## [SUPPLIED RECORDS]
::::::::::
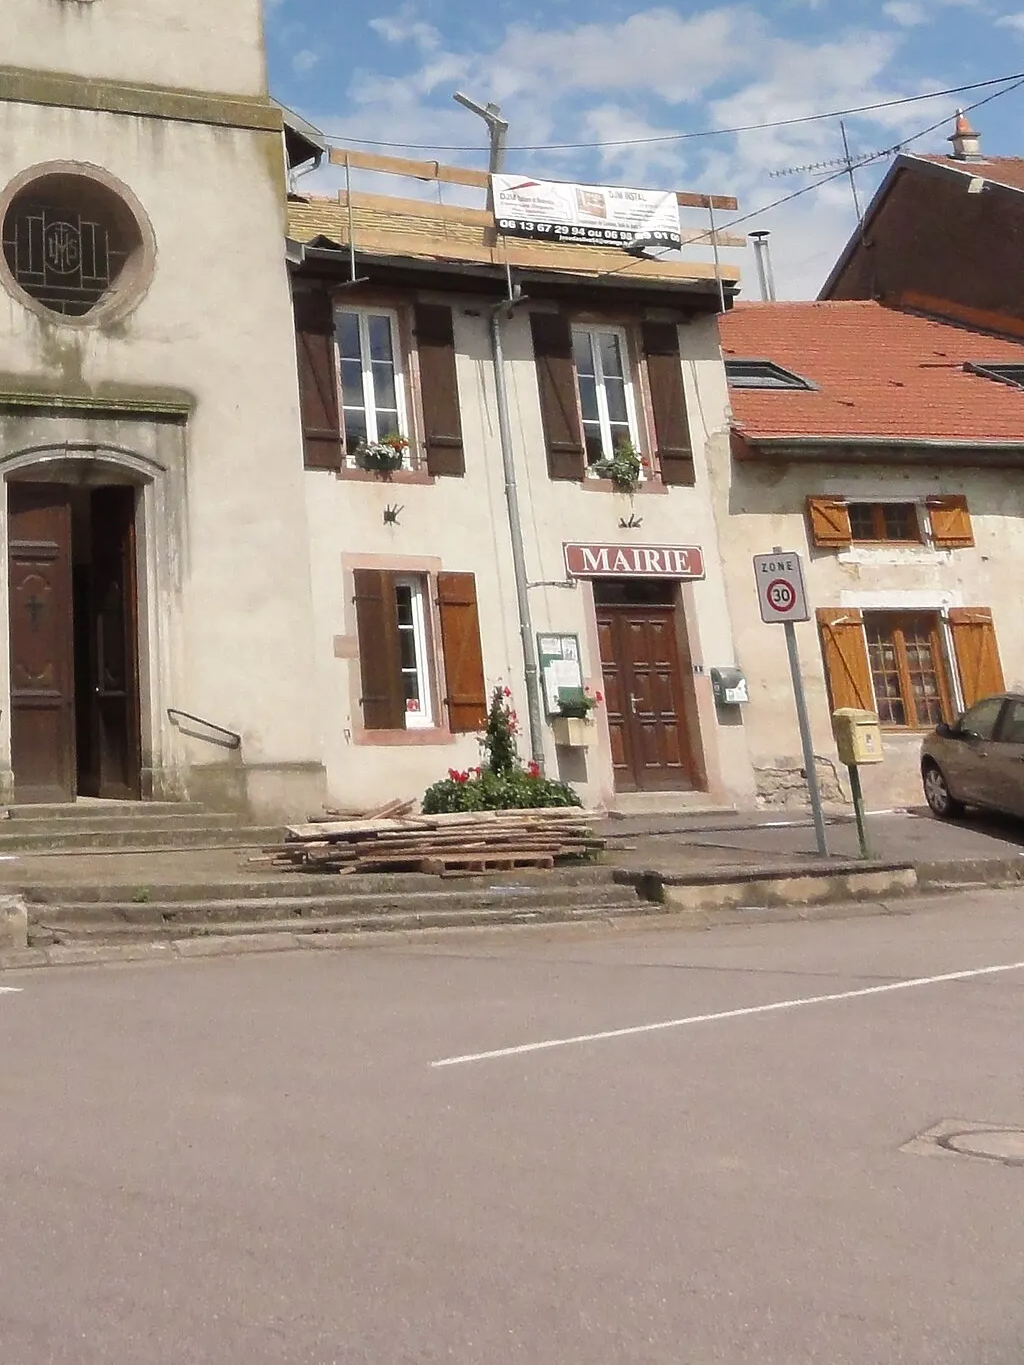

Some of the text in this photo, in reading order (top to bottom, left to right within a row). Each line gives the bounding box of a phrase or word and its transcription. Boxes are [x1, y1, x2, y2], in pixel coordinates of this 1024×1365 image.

[499, 219, 516, 229] 06
[519, 221, 534, 231] 13
[537, 223, 552, 233] 67
[554, 225, 569, 235] 29
[571, 226, 586, 236] 94
[588, 229, 603, 238] ou
[604, 230, 618, 239] 06
[580, 547, 691, 573] MAIRIE
[761, 560, 794, 573] ZONE
[772, 588, 790, 602] 30
::::::::::
## [TASK BRIEF]
Output all lines above precisely. Pictures are to be left out.

## [ANSWER SPACE]
Some of the text in this photo, in reading order (top to bottom, left to right within a row). Each line gives the bounding box of a phrase or word and its transcription. Boxes are [x1, y1, x2, y2], in pixel coordinates of this 1024×1365 image.

[499, 219, 516, 229] 06
[519, 221, 534, 231] 13
[537, 223, 552, 233] 67
[554, 225, 569, 235] 29
[571, 226, 586, 236] 94
[588, 229, 603, 238] ou
[604, 230, 618, 239] 06
[580, 547, 691, 573] MAIRIE
[761, 560, 794, 573] ZONE
[772, 588, 790, 602] 30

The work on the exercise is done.